● **TASK INSTRUCTIONS**: Word for word, restate each of the records below.

===== PROVIDED DATA

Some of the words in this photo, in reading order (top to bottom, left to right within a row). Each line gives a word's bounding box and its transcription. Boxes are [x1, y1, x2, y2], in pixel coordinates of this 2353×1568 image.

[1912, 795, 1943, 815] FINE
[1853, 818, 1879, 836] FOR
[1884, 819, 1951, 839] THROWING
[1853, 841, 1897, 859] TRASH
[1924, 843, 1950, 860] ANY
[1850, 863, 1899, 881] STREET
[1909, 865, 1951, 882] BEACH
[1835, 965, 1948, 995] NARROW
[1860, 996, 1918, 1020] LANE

==========

● **COMPLETED TASK**:
Some of the words in this photo, in reading order (top to bottom, left to right within a row). Each line gives a word's bounding box and its transcription. Boxes are [x1, y1, x2, y2], in pixel coordinates of this 2353×1568 image.

[1912, 795, 1943, 815] FINE
[1853, 818, 1879, 836] FOR
[1884, 819, 1951, 839] THROWING
[1853, 841, 1897, 859] TRASH
[1924, 843, 1950, 860] ANY
[1850, 863, 1899, 881] STREET
[1909, 865, 1951, 882] BEACH
[1835, 965, 1948, 995] NARROW
[1860, 996, 1918, 1020] LANE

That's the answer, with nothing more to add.